Dataset entries
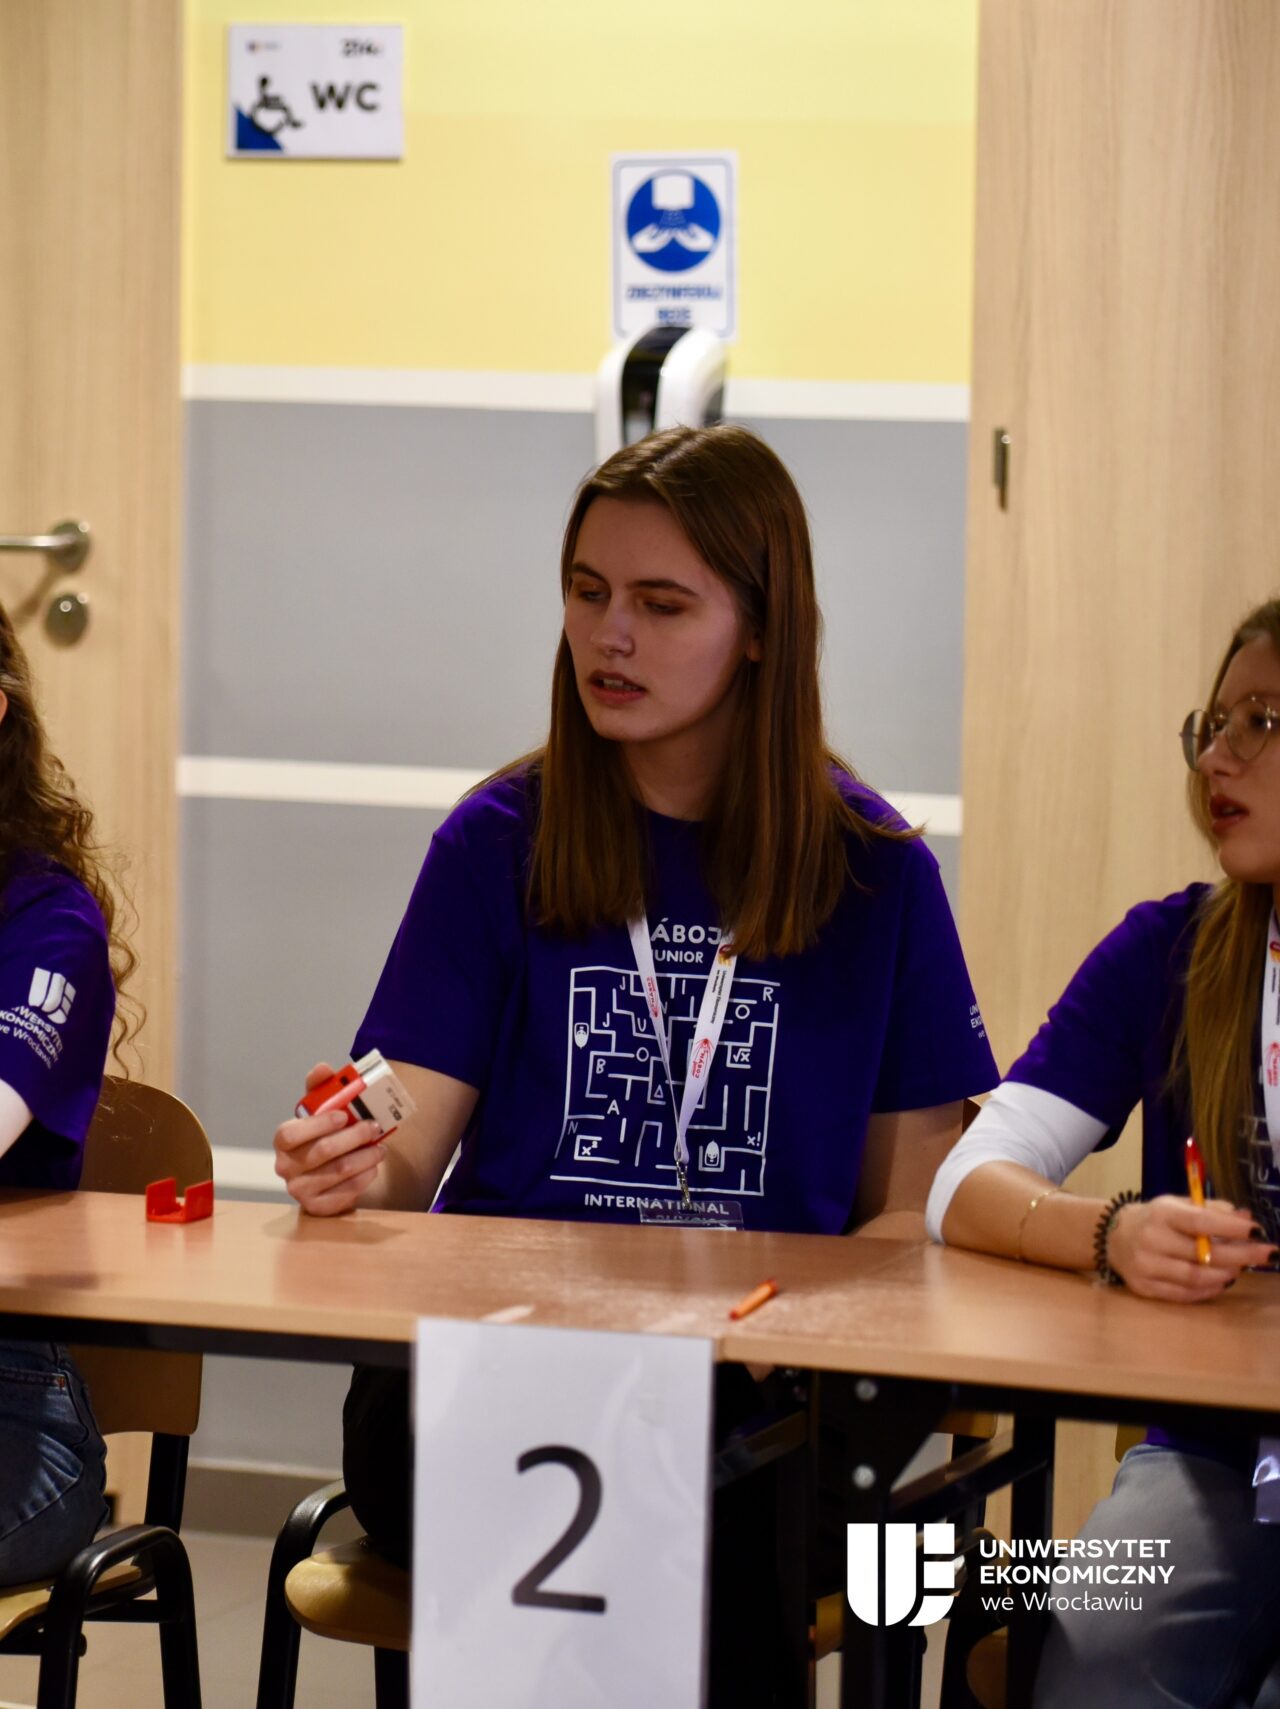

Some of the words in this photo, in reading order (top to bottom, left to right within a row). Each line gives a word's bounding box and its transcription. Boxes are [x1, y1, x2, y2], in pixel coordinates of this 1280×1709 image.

[311, 82, 379, 112] WC
[650, 917, 722, 945] ÁBOJ
[651, 949, 704, 964] UNIOR
[511, 1443, 608, 1616] 2
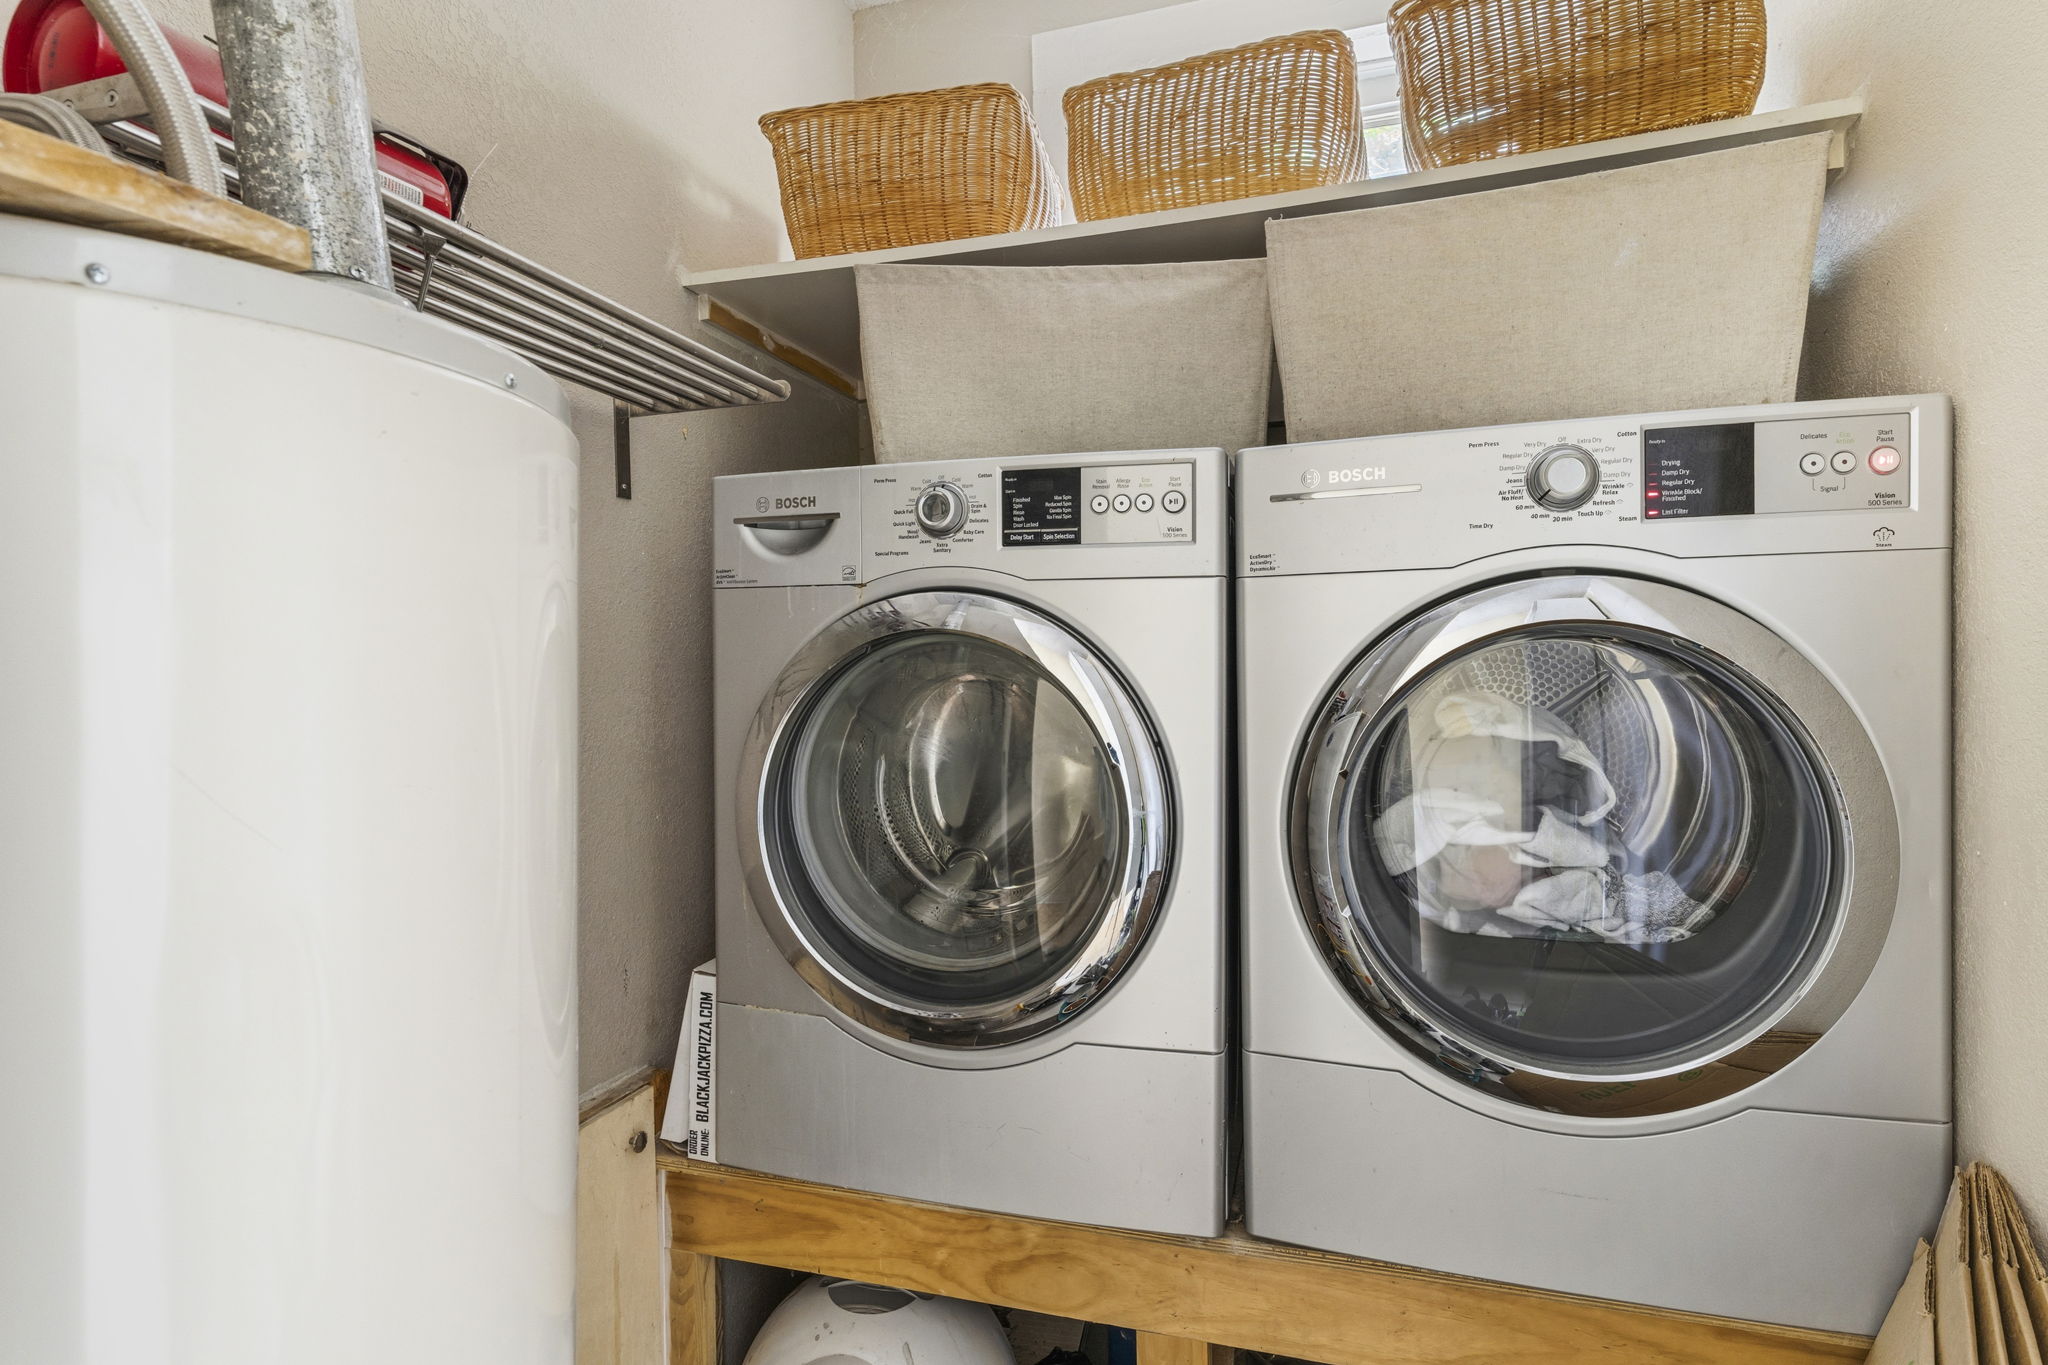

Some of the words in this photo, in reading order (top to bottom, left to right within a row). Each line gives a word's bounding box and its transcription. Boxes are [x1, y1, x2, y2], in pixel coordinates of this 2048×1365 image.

[1328, 467, 1386, 484] BOSCH
[776, 496, 816, 509] BOSCH
[696, 992, 713, 1123] BLACKJACKPIZZA.COM
[689, 1130, 698, 1155] ORDER
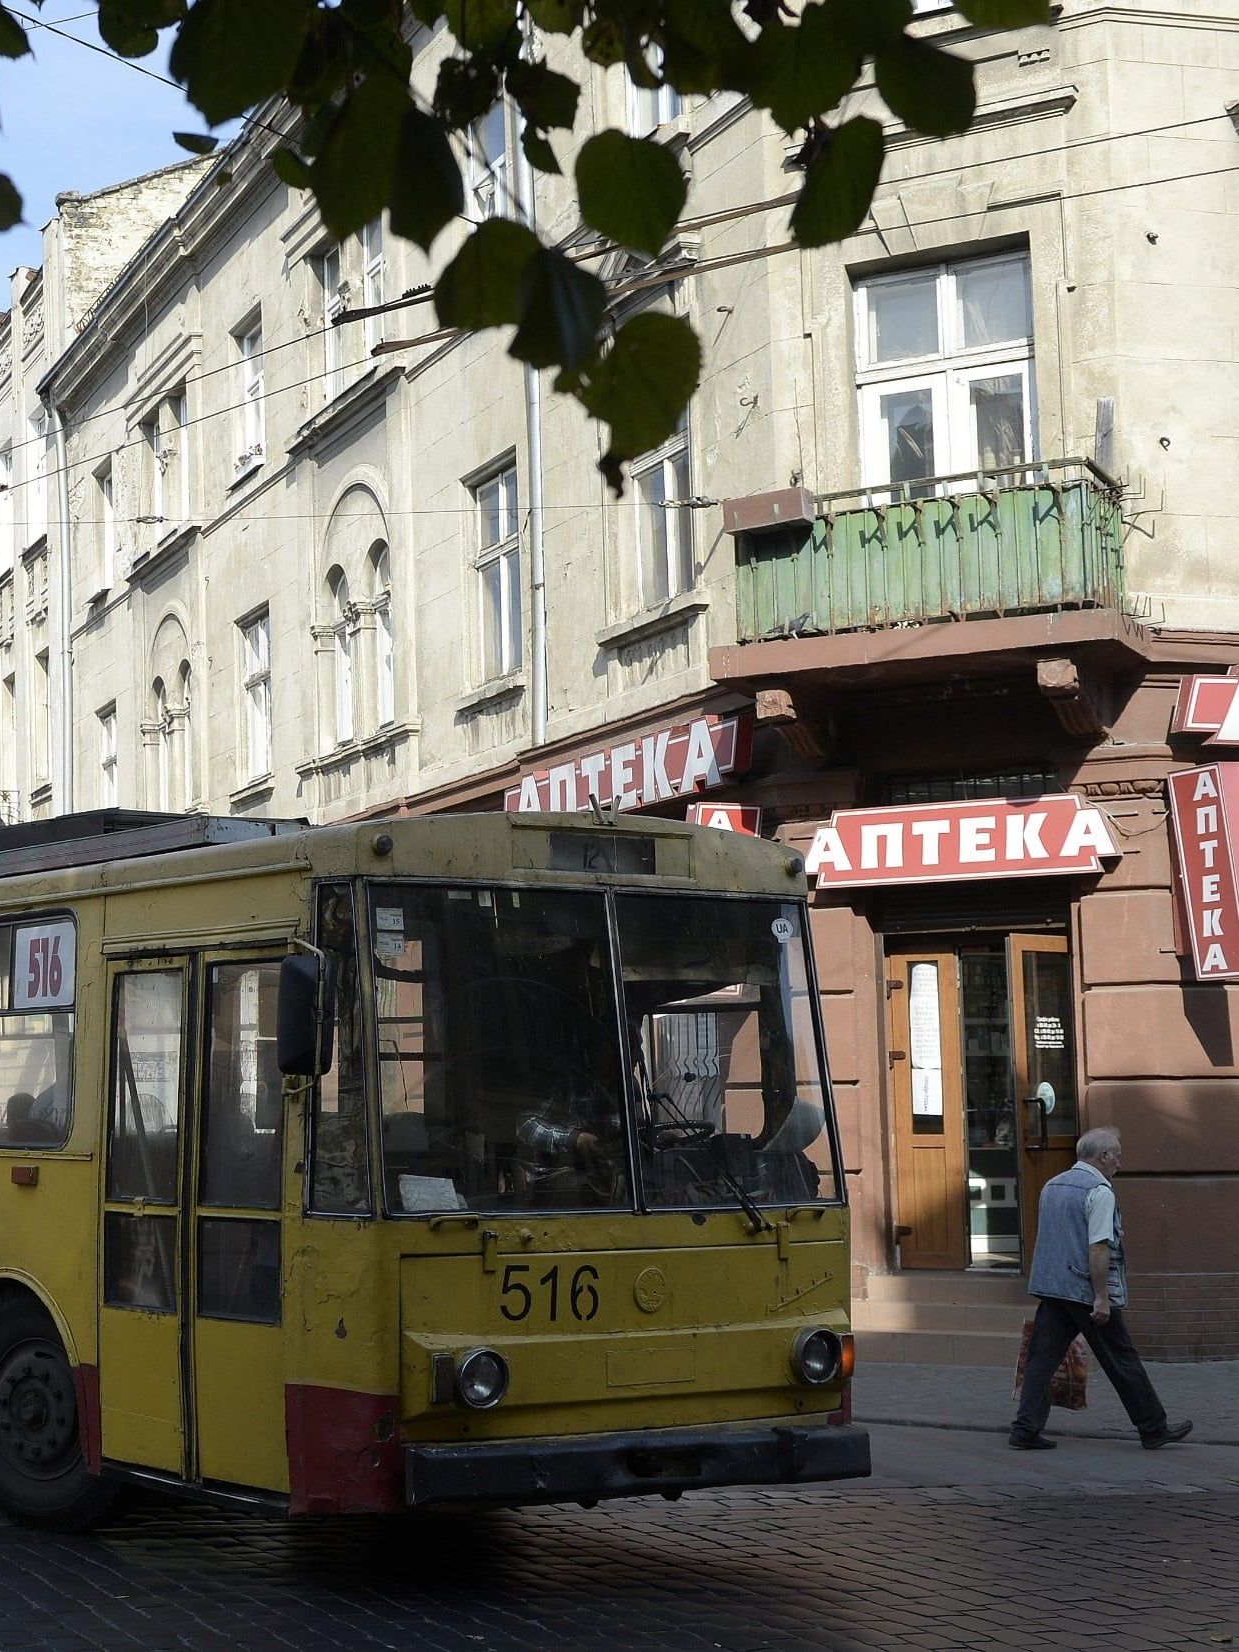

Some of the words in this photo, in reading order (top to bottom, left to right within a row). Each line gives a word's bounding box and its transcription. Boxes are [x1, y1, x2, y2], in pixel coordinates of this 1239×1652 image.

Work item - Nothing but the pictures is to be left out; repeat the data exactly.

Task response -
Some of the words in this photo, in reading order (top to bottom, left to right within a row). Each line gives a word's bounding box and its transcription. Boxes are [x1, y1, x2, y2], in pixel coordinates of this 1280×1709 image.

[311, 82, 379, 112] WC
[650, 917, 722, 945] ÁBOJ
[651, 949, 704, 964] UNIOR
[511, 1443, 608, 1616] 2

Some of the words in this photo, in reading order (top to bottom, left to right within a row). Each line gives a word's bounding box and its transcription. Boxes are [x1, y1, x2, y2], in pixel coordinates of this 2048×1365 image.

[1328, 467, 1386, 484] BOSCH
[776, 496, 816, 509] BOSCH
[696, 992, 713, 1123] BLACKJACKPIZZA.COM
[689, 1130, 698, 1155] ORDER

Some of the words in this photo, in reading order (top to bottom, left to right within a row). Each line gives a word's bounding box and its transcription. Boxes are [x1, y1, x2, y2], in pixel coordinates of this 1239×1652 image.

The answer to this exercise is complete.